Biologists have discovered how a reef-dwelling species of sponge can filter enormous amounts of carbon without growing in size.

The sponge Halisarca caerulea can absorb up to two-thirds of its own weight in carbon each day by shedding cells at a rapid rate, according to research by Jasper De Goeij at the Royal Netherlands Institute for Sea Research in Texel, the Netherlands, and his colleagues. In a study published in the Journal of Experimental Biology1, the team proposes that this fast turnover may be a tactic for coping with the toxins and pathogens that are frequently encountered by the filter-feeders in their environment.

H. caerulea is found on tropical reefs in the waters of the Caribbean, and feeds by filtering carbon-rich organic matter from the water. Earlier work by De Goeij had shown that the sponges could absorb prodigious amounts of carbon yet didn't seem to grow in size. "We calculated that a sponge should double in biomass every three days, but found that H. caerulea hardly grows at all," says De Goeij.

Absorbing science

To find out why, De Goeij and his colleagues collected growing sponges and stained them continuously with a chemical that labels actively dividing cells. The team cut samples from the sponge bodies at different time points up to 10 hours after the first exposure and analysed them for signs of the labelling agent.

They found that certain cells that pump and filter water in the sponge divided very quickly — once every five hours or so1. But adding a second chemical to search for dead cells revealed only a few in the chambers, which left them with a puzzle: the sponge wasn't growing, but the cells didn't seem to be dying off.

De Goeij was stumped until he gave a presentation on the sponge's impressive cell division to a group of cancer researchers. They immediately recognized the rapid division behaviour as being very similar to that of the human gastrointestinal tract. Cells in the epithelium of the colon are replaced every 12–24 hours by rapid proliferation and then shedding. "Once we looked at the sponge tissue with the human colon in mind, we found massive amounts of shedding," says De Goeij.

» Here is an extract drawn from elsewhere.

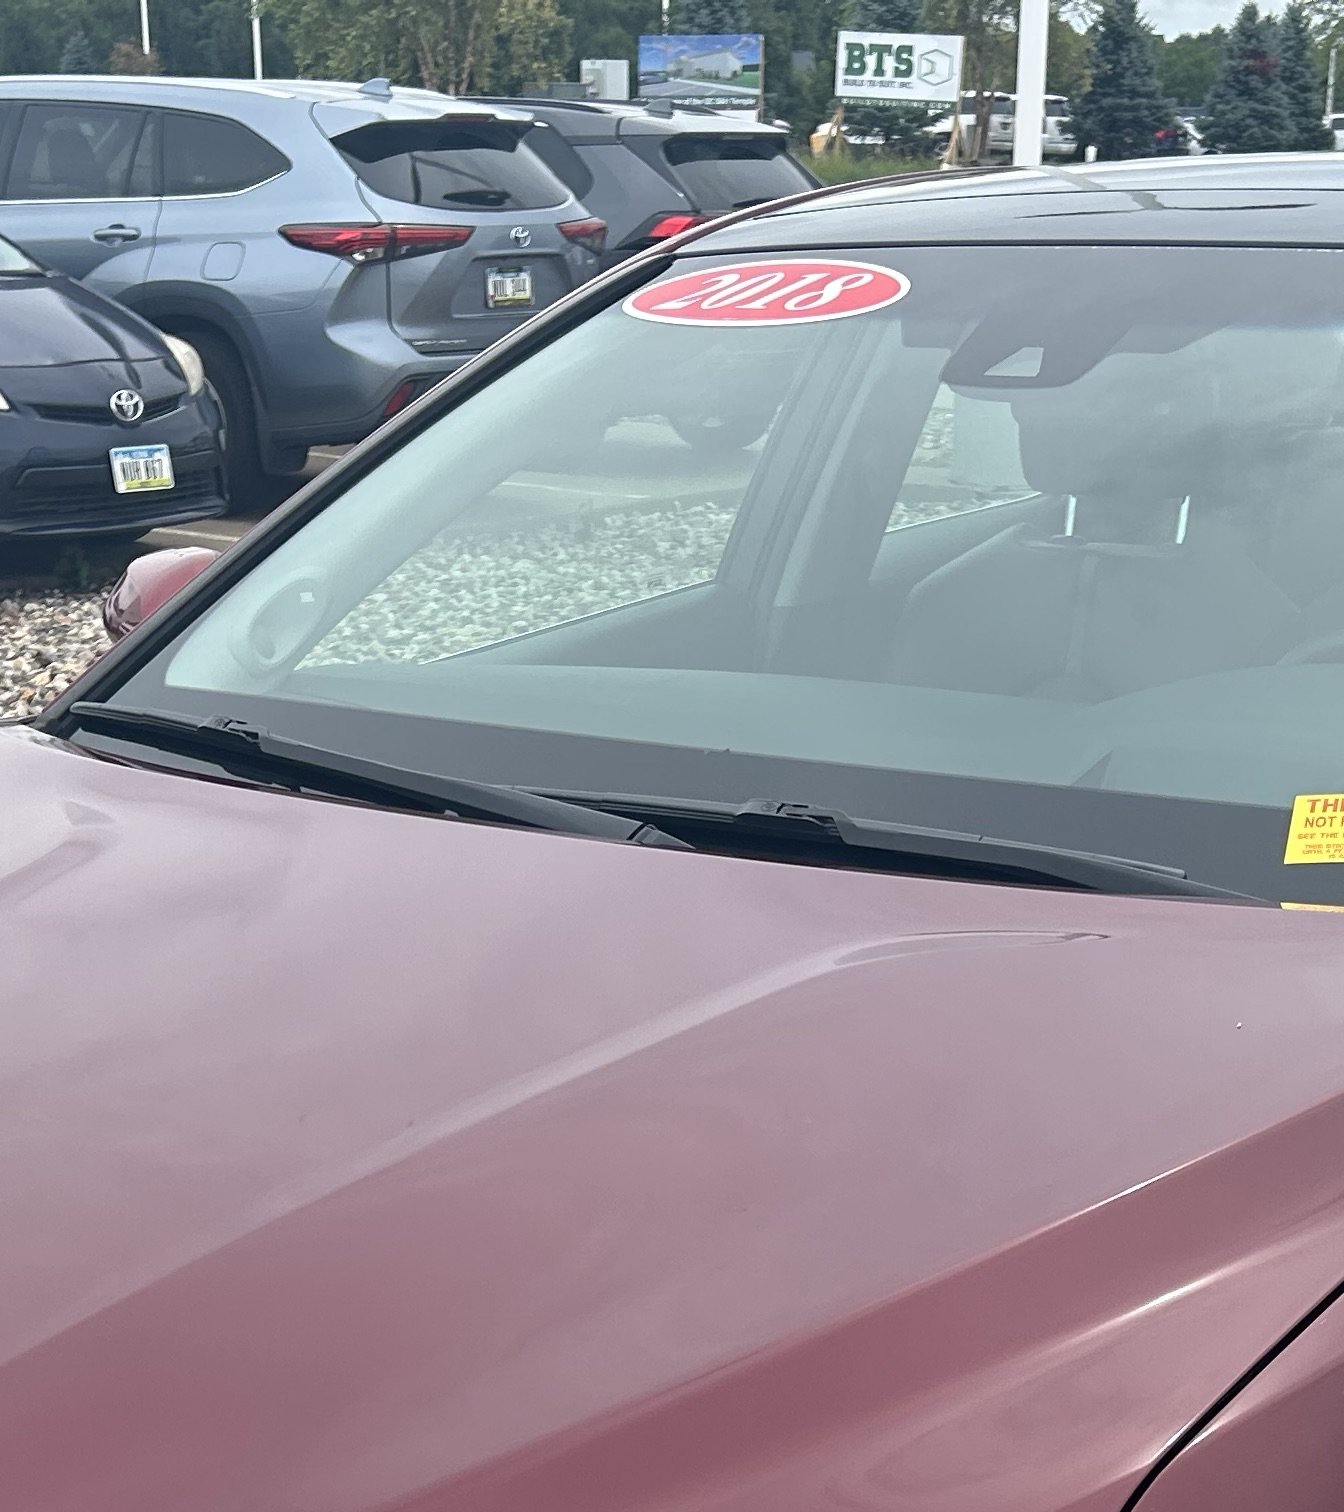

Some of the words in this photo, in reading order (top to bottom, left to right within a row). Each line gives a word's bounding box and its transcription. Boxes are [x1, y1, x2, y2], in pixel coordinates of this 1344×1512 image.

Other marine biologists are surprised by the find. "Nobody has looked at cell sloughing in sponges like this before," says Malcolm Hill, a marine ecologist who specializes in sponge evolution at the University of Richmond in Virginia.

Filter-feeding frenzy

De Goeij and his colleagues suggest that the rapid growth and shedding of the cells may be an evolutionary response to the harsh conditions in which H. caerulea grows. To survive in the nutrient-sparse Caribbean Sea, the sponge must filter vast quantities of water, which is likely to increase its exposure to toxins and pathogens. Rapid shedding might prevent such problematic materials from building up and damaging the filtering system, De Goeij says.

"Now that we know this, we need to look at other sponges to see whether this is a general phenomenon or just an idiosyncrasy of this particular species," says molecular palaeobiologist Gert Wörheide of Ludwig-Maximilians-University in Munich.

Hill believes that sponge biology could reveal useful information that is relevant to human diseases. "If this proves to be more than just the behaviour of one odd species, then studying the ways that sponges control cell growth could provide insight into controlling abnormal cell growth like cancer," he says.

References

  1. De Goeij, J. M. et al. J. Exp. Biol. 212, 3892-3900 (2009).